Tribunal da Relação de Coimbra

949/00

Data
2000-05-31
Relator
OLIVEIRA MENDES
Secção
JTRC05052
Meio processual
RECURSO

Sumário

I - Não impondo a lei processual penal quer ao recorrente, quer ao recorrido, o ónus da transcrição é de concluir que esse ónus cabe ao Tribunal, o que decorre da cabal aplicação da regra do artº 4º do C.P.P., segundo a qual nos casos omissos há que recorrer em primeira linha às disposições do próprio Código que puderem aplicar-se por analogia.

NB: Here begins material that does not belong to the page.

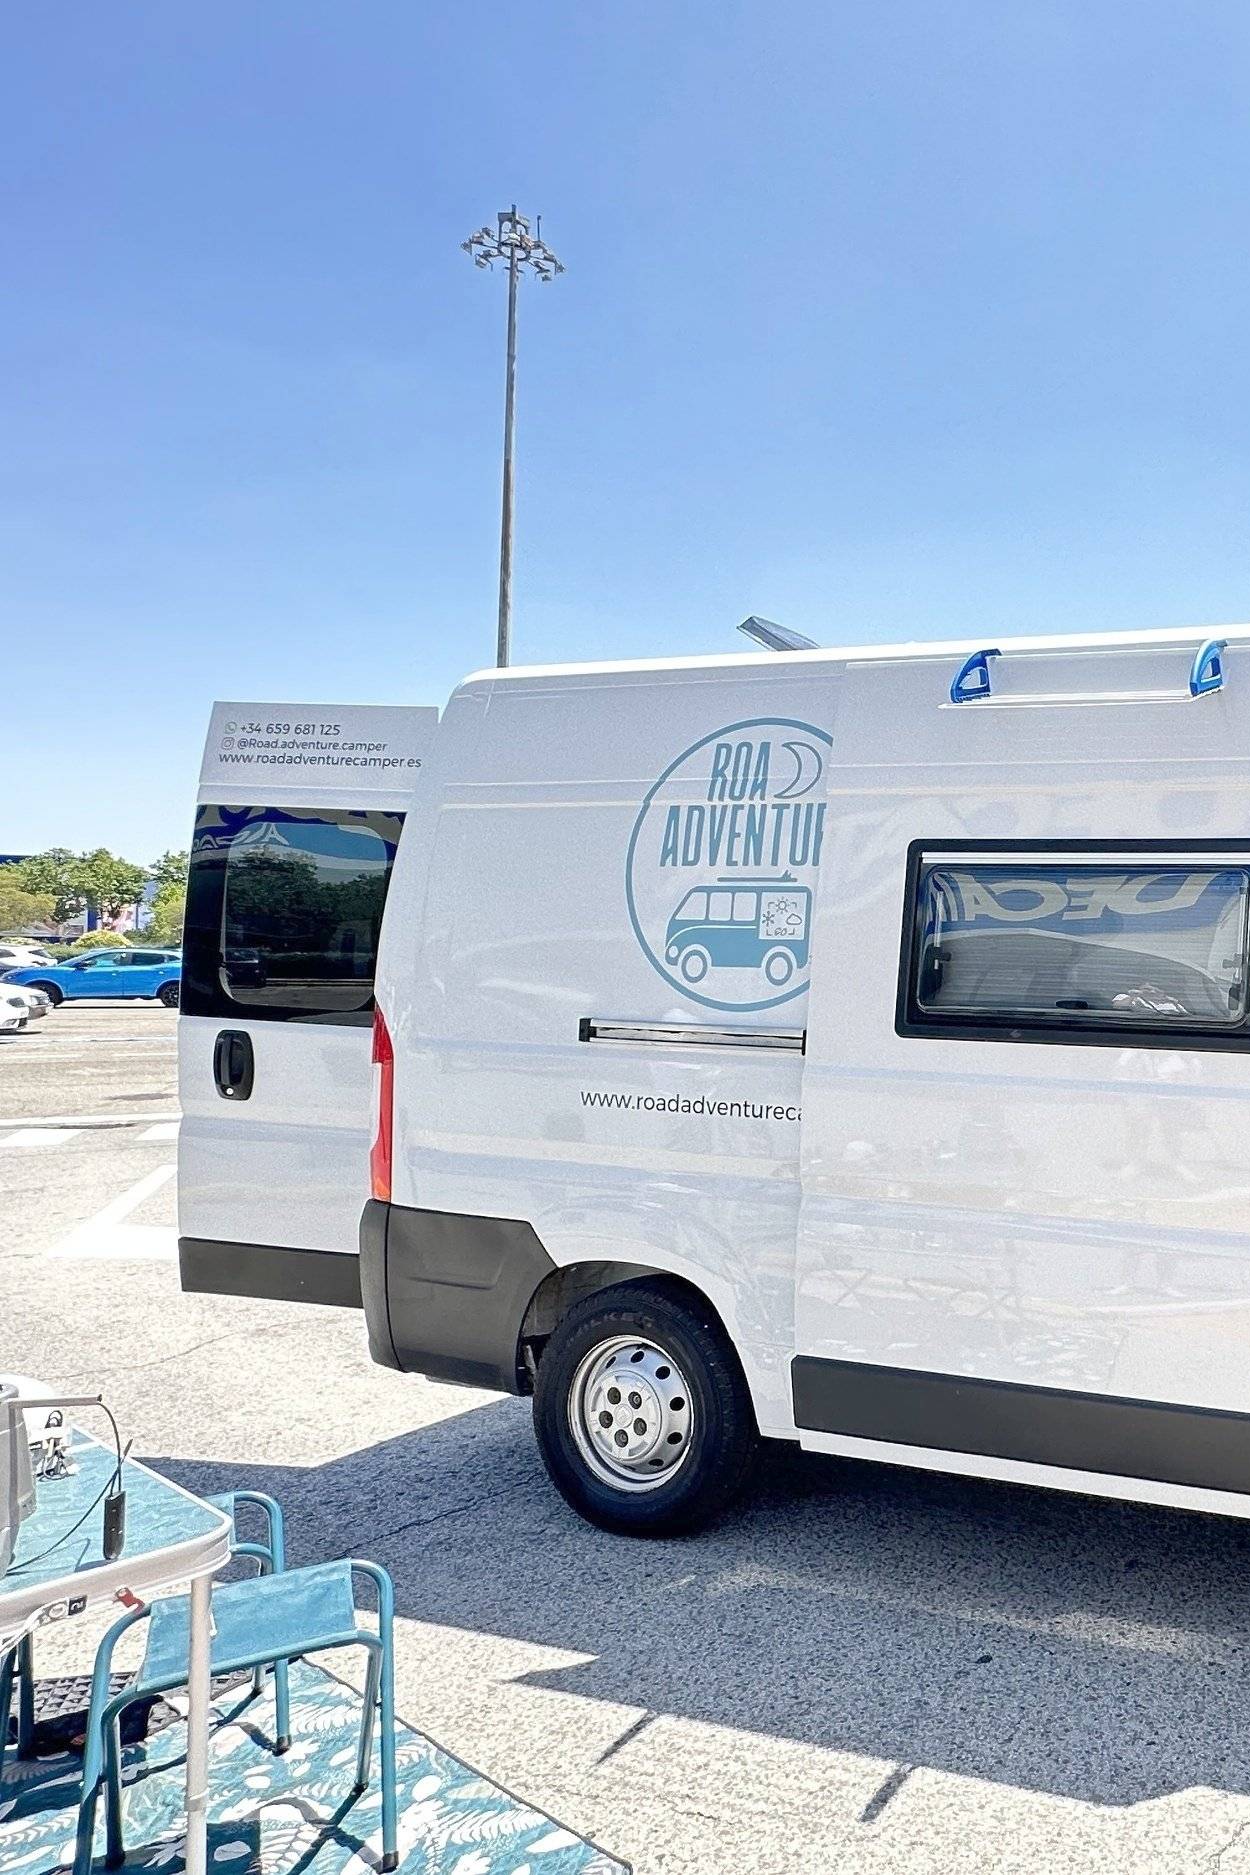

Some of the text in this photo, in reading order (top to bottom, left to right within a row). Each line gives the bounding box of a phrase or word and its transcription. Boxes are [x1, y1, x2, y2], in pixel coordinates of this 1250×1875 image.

II. - Existindo na lei processual penal disposição a que sempre se teria de recorrer, por aplicação analógica, qual seja a do nº2 do artº 101º, a qual estabelece que a transcrição deve ser feita pelo funcionário de justiça a quem cabe a redacção do auto, ou , na sua impossibilidade ou falta, por pessoa idónea, devendo o juiz que presidir ao acto, antes da assinatura, certificar-se da conformidade da transcrição, não deve nem pode haver lugar à aplicação analógica do artº 690º-A do C.P.Civil, uma vez que não estamos perante qualquer lacuna do processo penal. III - Não se tendo procedido à transcrição, como impõe a lei adjectiva penal, tal omissão constitui irregularidade nos termos do artº 118 nº2 e 123º do C.P.Penal.